## TASK REQUIREMENTS
Once you reach the line containing "this 1690×1691 image.", copy it and every line after it exactly, through the end of the data below.

===== RECORDS SHOWN =====

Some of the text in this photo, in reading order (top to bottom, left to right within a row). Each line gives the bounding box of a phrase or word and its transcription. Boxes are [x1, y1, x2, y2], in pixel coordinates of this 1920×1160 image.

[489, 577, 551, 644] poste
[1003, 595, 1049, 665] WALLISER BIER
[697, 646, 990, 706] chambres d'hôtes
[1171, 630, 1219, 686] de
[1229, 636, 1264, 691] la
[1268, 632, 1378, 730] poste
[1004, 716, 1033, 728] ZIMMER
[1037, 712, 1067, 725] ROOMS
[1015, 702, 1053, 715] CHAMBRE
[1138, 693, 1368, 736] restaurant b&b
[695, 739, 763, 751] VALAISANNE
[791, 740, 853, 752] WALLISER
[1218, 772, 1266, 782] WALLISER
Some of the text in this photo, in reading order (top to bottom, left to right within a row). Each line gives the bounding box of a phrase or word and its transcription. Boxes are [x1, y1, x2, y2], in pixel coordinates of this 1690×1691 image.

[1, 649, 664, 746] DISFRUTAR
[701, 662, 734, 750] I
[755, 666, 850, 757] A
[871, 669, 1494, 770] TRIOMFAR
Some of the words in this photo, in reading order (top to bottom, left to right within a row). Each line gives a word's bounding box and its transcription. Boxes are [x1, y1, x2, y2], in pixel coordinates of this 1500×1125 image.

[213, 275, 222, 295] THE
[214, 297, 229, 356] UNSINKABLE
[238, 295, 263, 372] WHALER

=====

## PROBLEM SOLUTION
Some of the text in this photo, in reading order (top to bottom, left to right within a row). Each line gives the bounding box of a phrase or word and its transcription. Boxes are [x1, y1, x2, y2], in pixel coordinates of this 1690×1691 image.

[1, 649, 664, 746] DISFRUTAR
[701, 662, 734, 750] I
[755, 666, 850, 757] A
[871, 669, 1494, 770] TRIOMFAR
Some of the words in this photo, in reading order (top to bottom, left to right within a row). Each line gives a word's bounding box and its transcription. Boxes are [x1, y1, x2, y2], in pixel coordinates of this 1500×1125 image.

[213, 275, 222, 295] THE
[214, 297, 229, 356] UNSINKABLE
[238, 295, 263, 372] WHALER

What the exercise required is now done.